[Extracted information]
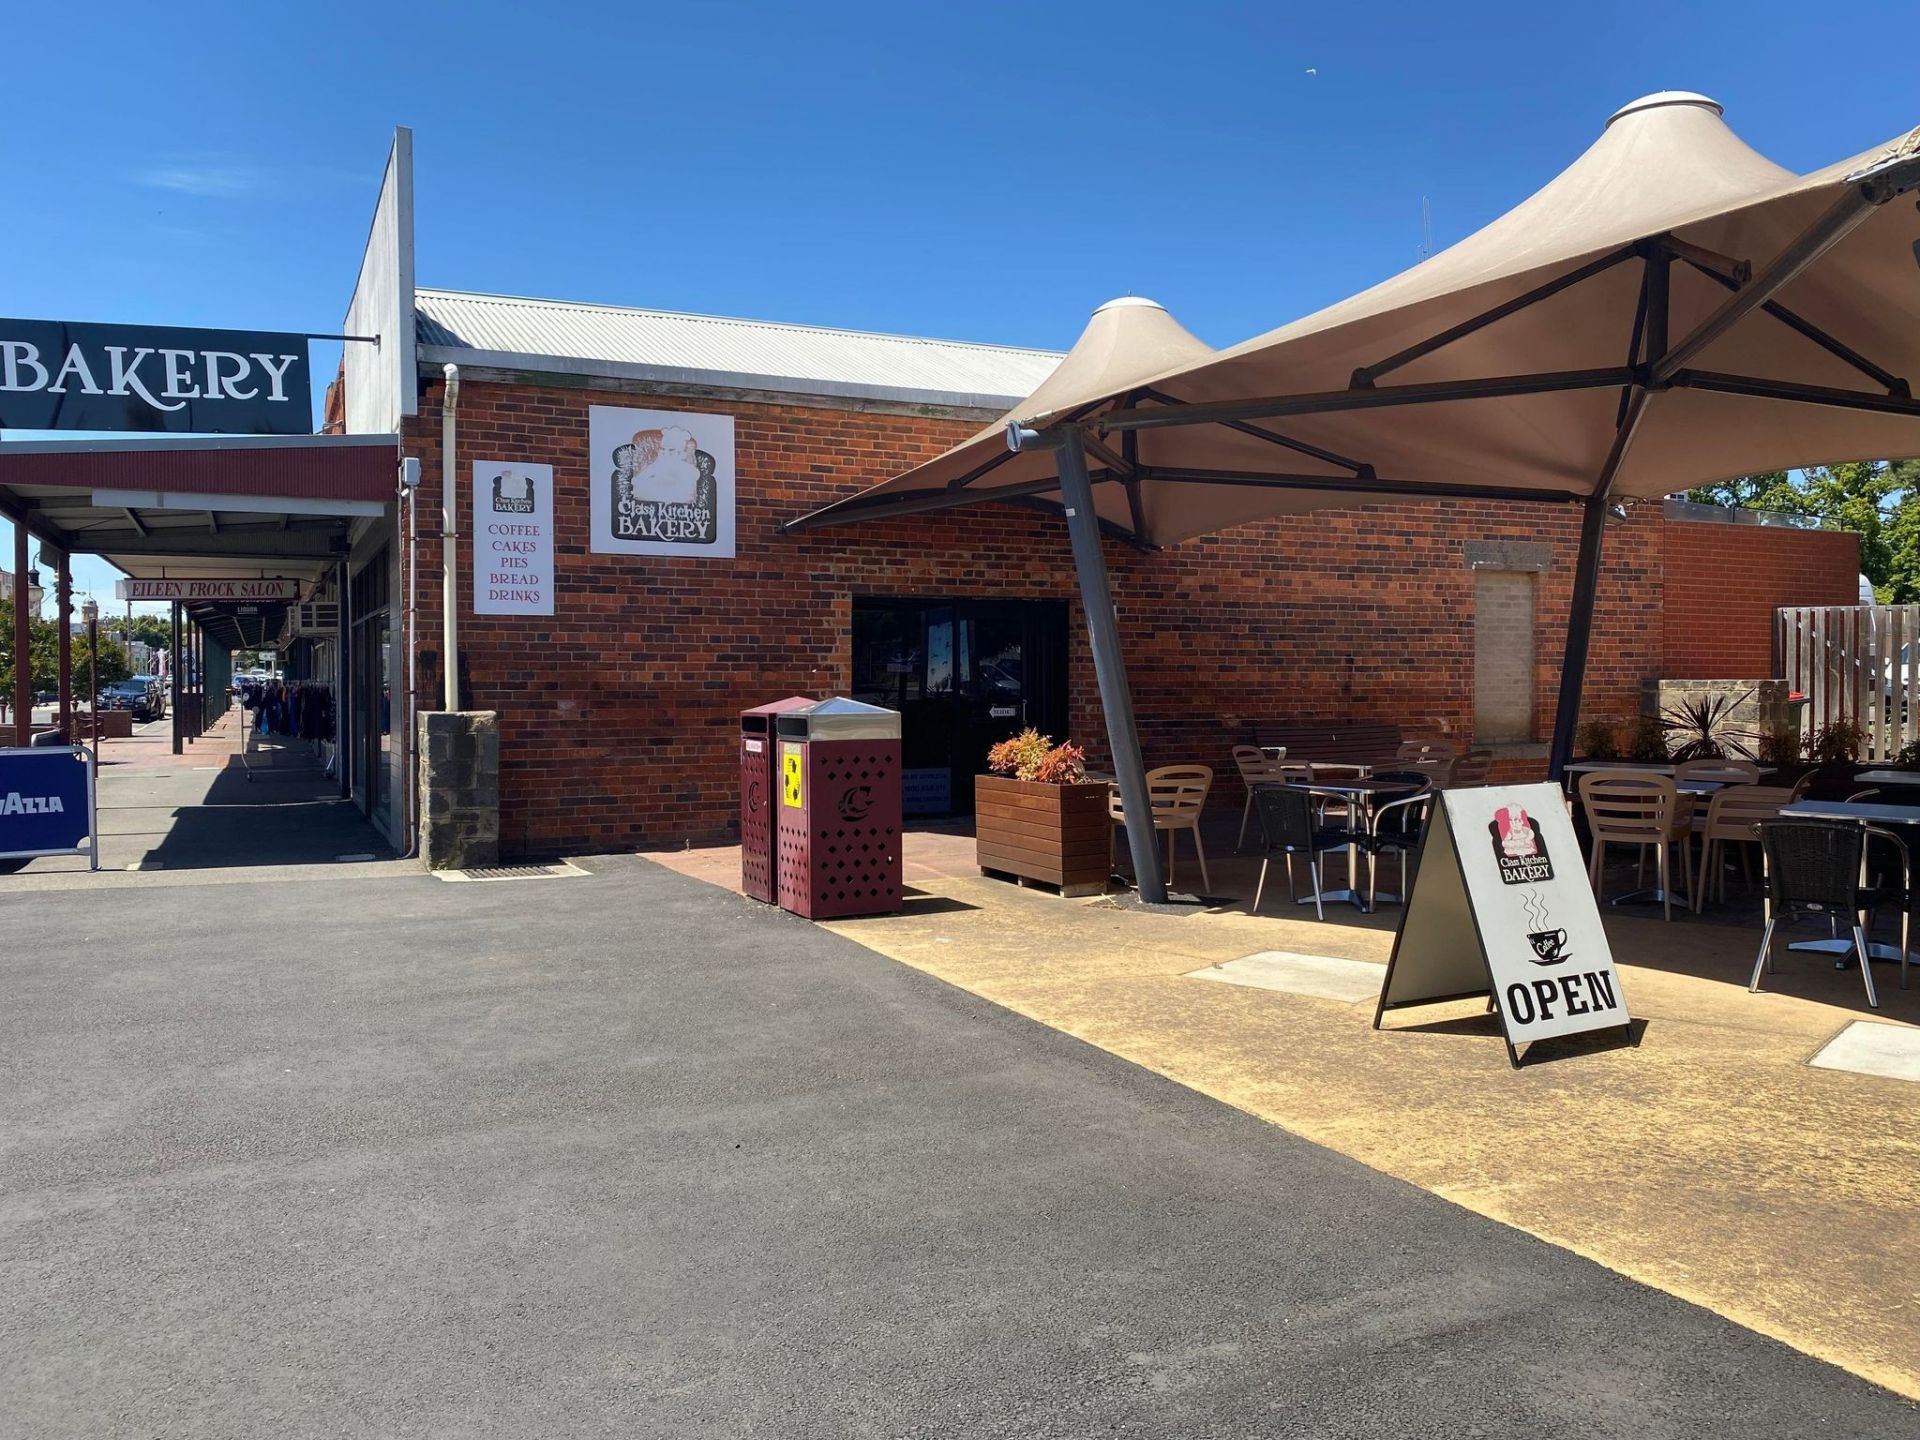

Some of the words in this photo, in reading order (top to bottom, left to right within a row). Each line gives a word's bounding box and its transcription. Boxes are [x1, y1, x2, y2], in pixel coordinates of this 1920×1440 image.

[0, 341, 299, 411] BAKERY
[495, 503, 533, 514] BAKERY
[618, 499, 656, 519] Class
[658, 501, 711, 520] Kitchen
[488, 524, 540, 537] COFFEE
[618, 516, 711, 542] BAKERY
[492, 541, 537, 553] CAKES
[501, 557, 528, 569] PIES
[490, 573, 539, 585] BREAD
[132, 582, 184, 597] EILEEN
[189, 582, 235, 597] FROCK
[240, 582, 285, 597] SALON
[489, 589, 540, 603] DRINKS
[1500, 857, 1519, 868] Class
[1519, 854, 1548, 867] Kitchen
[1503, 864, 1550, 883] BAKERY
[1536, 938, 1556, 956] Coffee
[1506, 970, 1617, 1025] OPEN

[What is being asked]
Since the copy must contain no pictures, return only the text of the records, exactly as it stands.

[Result for this exercise]
Some of the words in this photo, in reading order (top to bottom, left to right within a row). Each line gives a word's bounding box and its transcription. Boxes are [x1, y1, x2, y2], in pixel coordinates of this 1920×1440 image.

[0, 341, 299, 411] BAKERY
[495, 503, 533, 514] BAKERY
[618, 499, 656, 519] Class
[658, 501, 711, 520] Kitchen
[488, 524, 540, 537] COFFEE
[618, 516, 711, 542] BAKERY
[492, 541, 537, 553] CAKES
[501, 557, 528, 569] PIES
[490, 573, 539, 585] BREAD
[132, 582, 184, 597] EILEEN
[189, 582, 235, 597] FROCK
[240, 582, 285, 597] SALON
[489, 589, 540, 603] DRINKS
[1500, 857, 1519, 868] Class
[1519, 854, 1548, 867] Kitchen
[1503, 864, 1550, 883] BAKERY
[1536, 938, 1556, 956] Coffee
[1506, 970, 1617, 1025] OPEN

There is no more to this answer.